Ask 10 different money managers what metric they use to determine if a stock (or particular market) is overvalued, and you'll more than likely receive 10 different responses. Of course buying at "the bottom" is easier said than done, as we all know so I submit to you this perspective.
Kyle Caldwell, personal finance reporter at the Daily Telegraph, determined whether stock markets were undervalued or overvalued. Caldwell used three measures: price to earnings (P/E), cyclically adjusted price to earnings ratio (CAPE) and price to book (P/B). His analysis included 34 countries, both developed and emerging and compared current measures to historical averages.
The CAPE adjusts for cyclical variations and takes a longer term view than the P/E considering the earnings average over the last 10 years instead of the 12 month average. Its premise is that eventually earnings will move back to their long term trend. Price to book divides the current value per share over the equity value shown in the company’s balance sheet. The latter includes the value of buildings, intangible assets and other assets if they were to be liquidated. Price to book helps analysts adjust for any distortion caused by companies overstating earnings.
Some of these countries are undervalued because of political or financial unrest including Turkey, Russia and Greece.

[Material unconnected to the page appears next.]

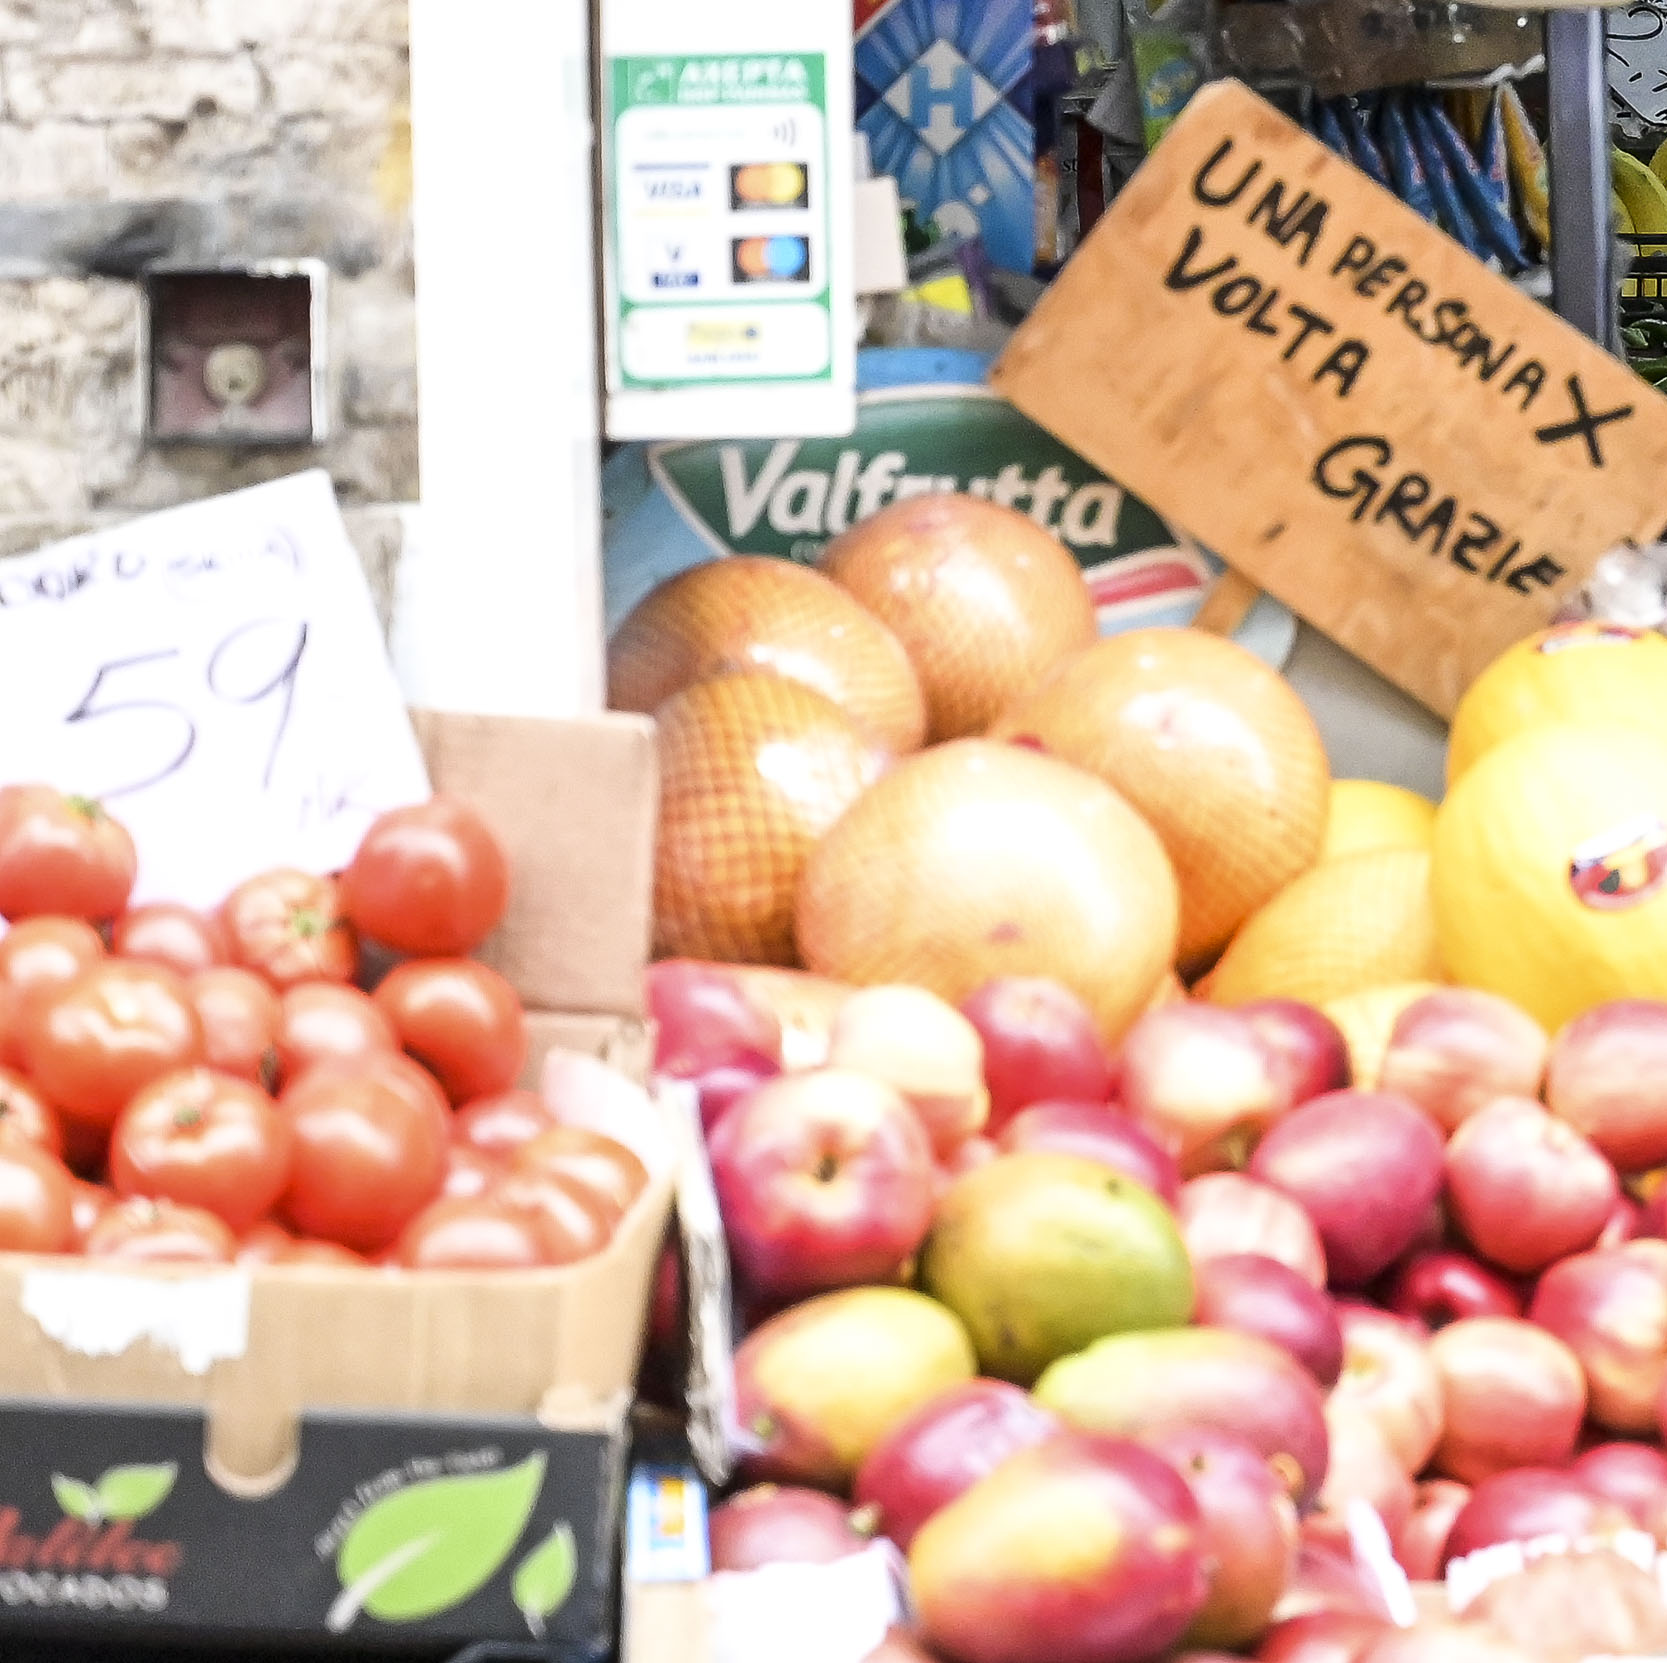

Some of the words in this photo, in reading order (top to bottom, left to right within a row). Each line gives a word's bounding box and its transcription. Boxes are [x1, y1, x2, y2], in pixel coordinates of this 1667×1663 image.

Does that make them a bad investment here? You be the judge. Beauty is in the eye of the beholder and "cheap" depends on your appetite for downside risk (or if you're dollar cost averaging).
By all three measures, the U.S. is expensive. This is likely due to indices such as the Dow Jones Industrials and the S&P 500 reaching record highs and consistent performance after the 2008 financial crisis. Josh Wright, Bloomberg economist and Brian Barnier, strategist at ValueAdvisors, LLC agrees in a Bloomberg Briefs report, that the current CAPE level of 26.2 is high relative to its long term median and its long term average. While it is still below peak levels reached during the 2000 dotcom bubble, it is concerning.